Dysuria and urinary incontinence?
I am a male in my 30s with a job that requires prolonged sitting.
I have a few questions for the doctor:
1.
Last week, I suddenly experienced a lack of sensation in my urethra while urinating.
I have the urge to urinate, but I cannot feel the urine flowing out; I wouldn't know it was coming out unless I looked.
I consulted a neurosurgeon and had an MRI, but nothing significant was found.
What could be the issue?
2.
I have had difficulty urinating for many years.
I feel a strong urge but cannot urinate while standing; I can only do so while sitting, and even then, I feel like I cannot completely empty my bladder.
When I visited a urologist at a large hospital, they only performed a bladder function test to assess my bladder muscle strength.
When I asked about the possibility of prostate issues causing my urinary difficulties, the doctor said that at my age, prostate enlargement is unlikely, and even if there were inflammation, I would need to experience pain, which I do not.

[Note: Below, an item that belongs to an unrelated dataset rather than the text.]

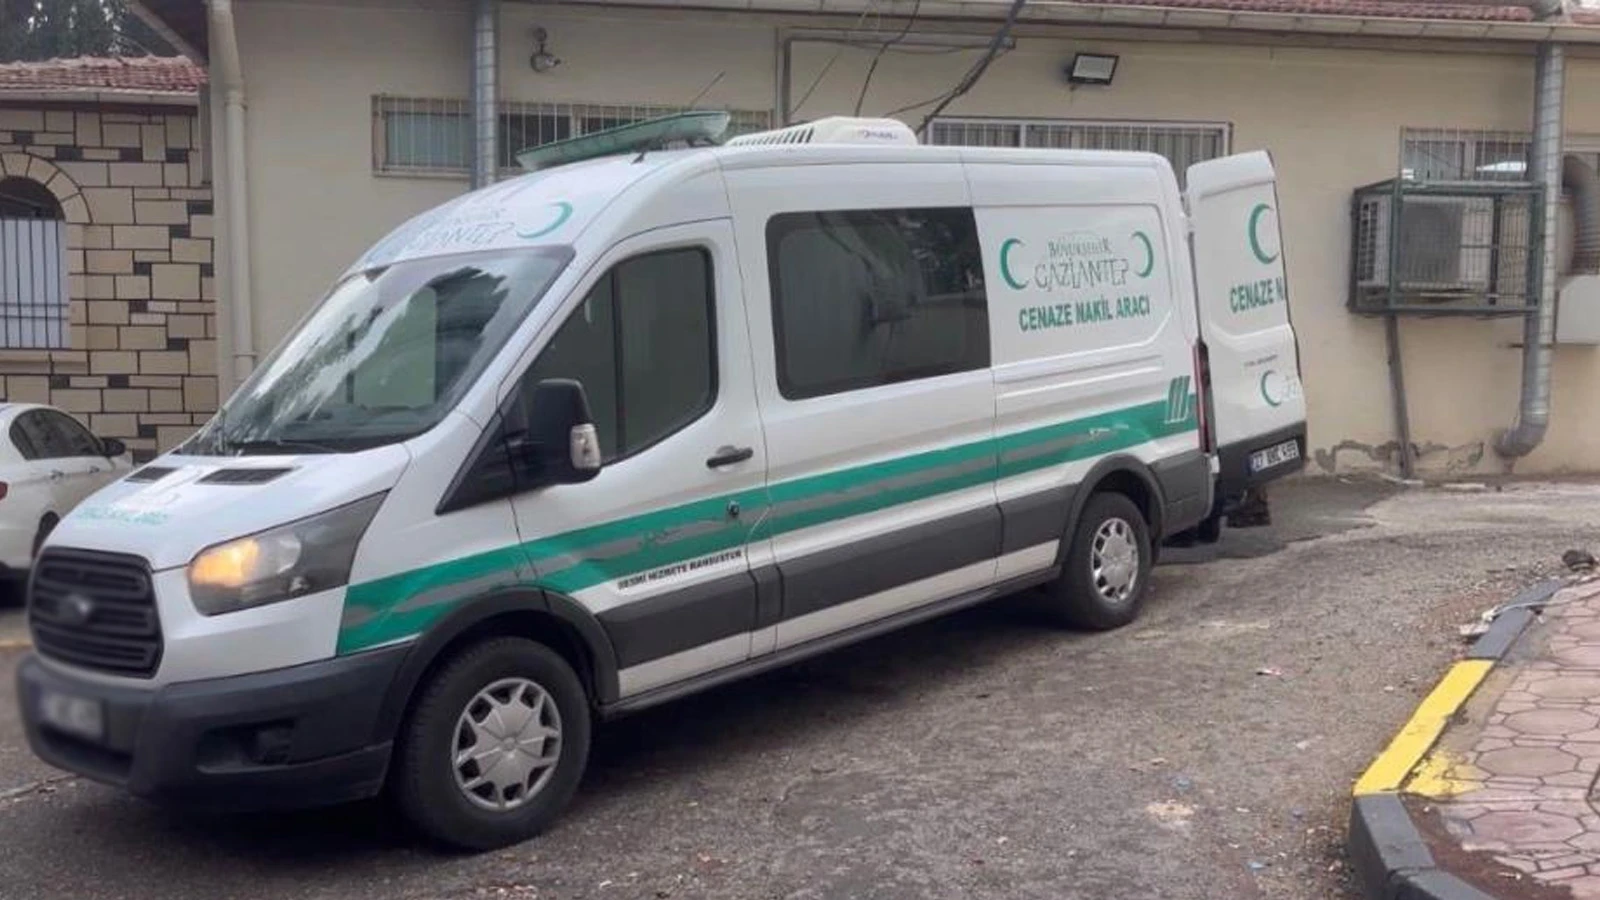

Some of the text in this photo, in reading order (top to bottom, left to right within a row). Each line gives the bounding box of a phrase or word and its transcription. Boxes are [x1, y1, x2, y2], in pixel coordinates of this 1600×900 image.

[1019, 295, 1151, 332] CENAZE NAKİL ARACI
[1230, 279, 1273, 313] CENAZE
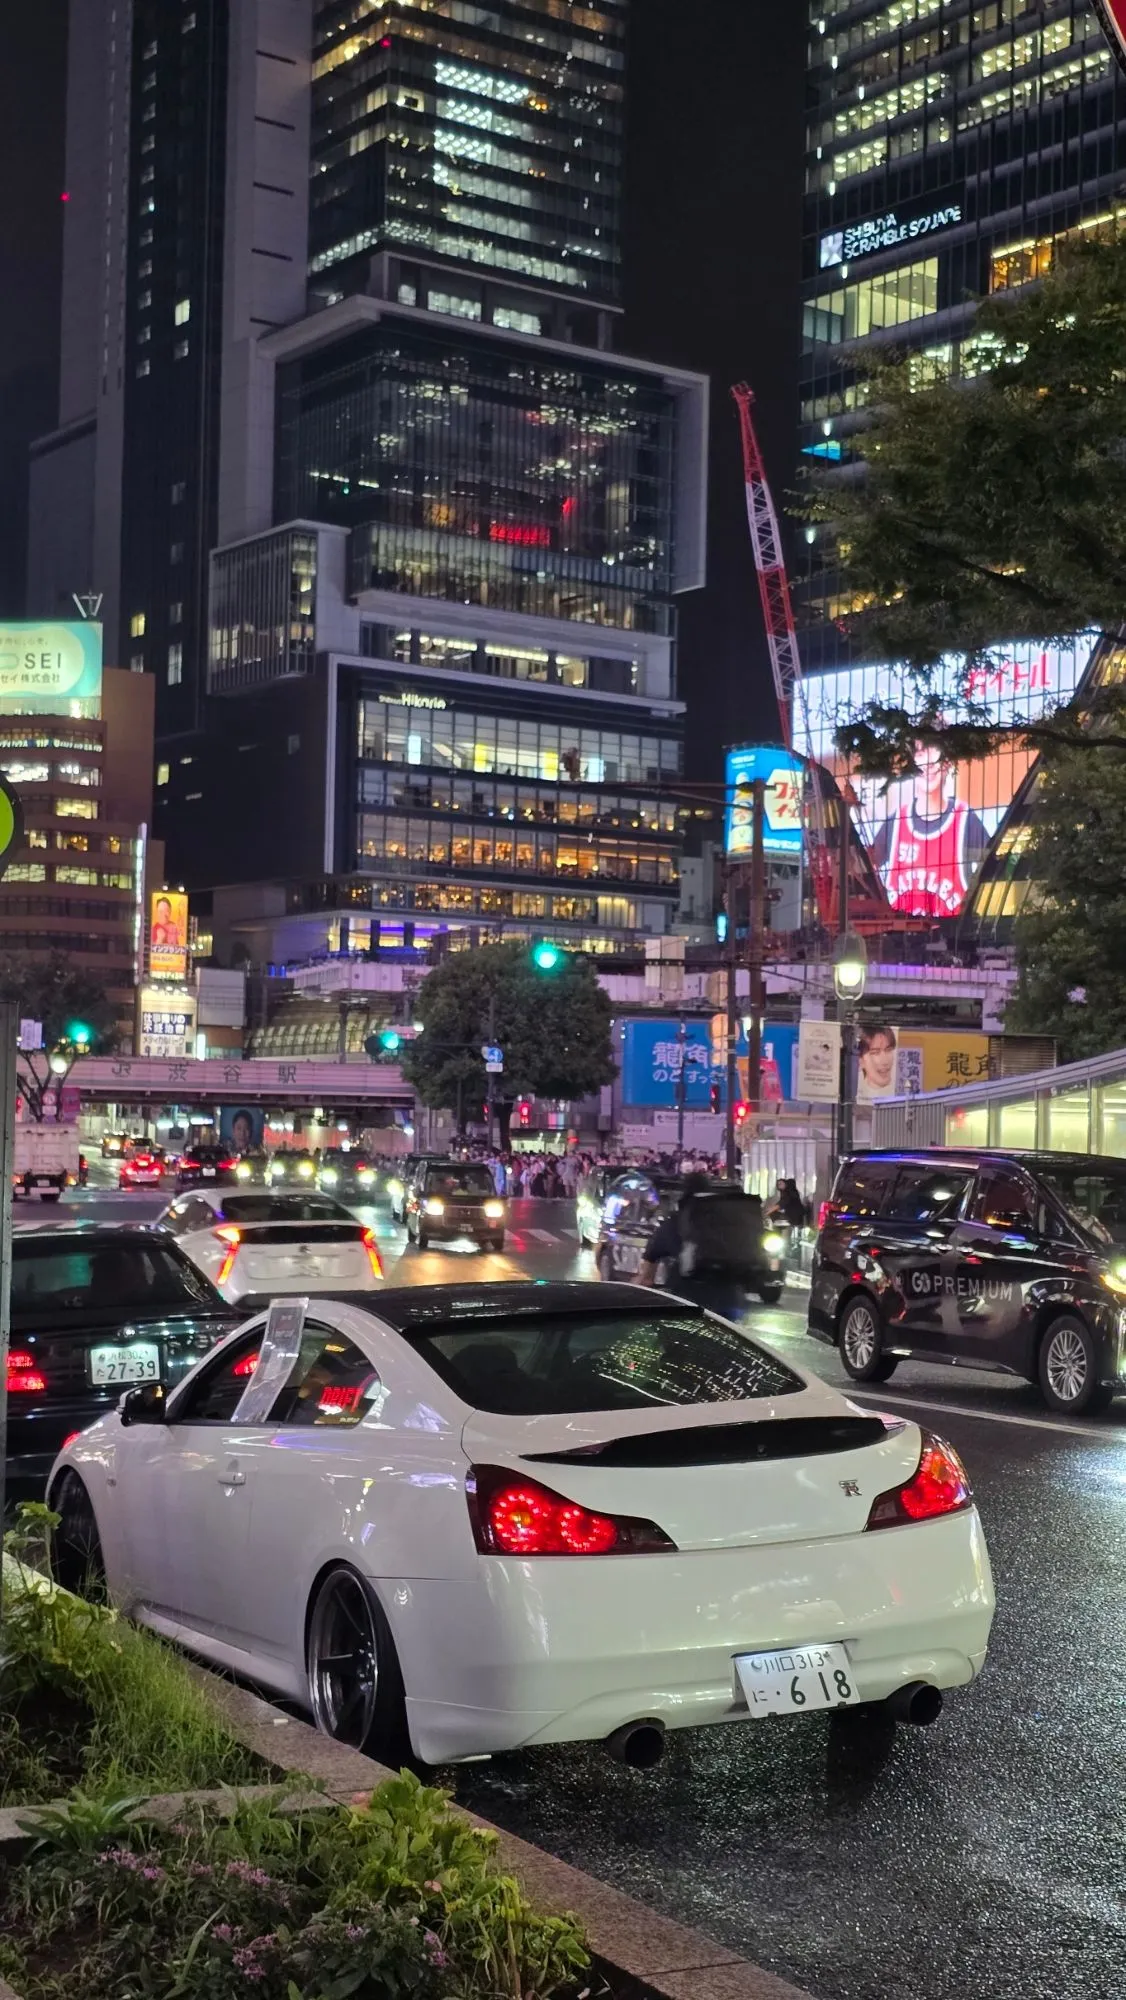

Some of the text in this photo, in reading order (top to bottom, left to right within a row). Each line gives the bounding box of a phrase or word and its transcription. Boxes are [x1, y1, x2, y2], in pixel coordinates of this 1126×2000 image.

Therefore, he did not want to check my prostate.
Instead, he only arranged for a pyelography to check for kidney stones.
Is this a normal approach, or is it too dismissive? Can this test determine if there is inflammation in the prostate? If it turns out to be a prostate issue and I am not given a proper examination, wouldn't that be quite unfair?
Zhang Sheng, 30~39 year old female. Ask Date: 2022/09/04
Dr. Li Xinyi reply Urology
Urinary incontinence may suggest peripheral nerve issues, possibly due to viral infections or nerve inflammation.
Generally, these are benign problems that require rest and observation.
Regarding urination issues, there could be a possibility of prostate problems, but tests may not always reveal the underlying cause.
It is essential to discuss the specific situation with your urologist.
I am not your primary physician and do not have insight into your medical condition, so I cannot arbitrarily critique the treatment provided by other doctors.
Reply Date: 2022/09/04
More Info
Understanding urinary difficulties, especially in younger males, can be complex and multifaceted. Your concerns about the sudden loss of sensation during urination, along with your history of urinary difficulties, warrant a thorough exploration of potential causes and appropriate diagnostic approaches.
1. Loss of Sensation During Urination: The sudden loss of sensation in the urethra during urination can be attributed to several factors. Neurological issues, such as nerve damage or dysfunction, can lead to altered sensations. Since you mentioned that an MRI did not reveal any significant problems, it may be beneficial to consider other potential causes, such as pelvic floor dysfunction or even psychological factors like anxiety, which can affect the ability to relax the pelvic muscles during urination. Additionally, certain medications or substances can impact nerve function and sensation. If the sensation loss persists, further evaluation by a urologist specializing in pelvic floor disorders may be warranted.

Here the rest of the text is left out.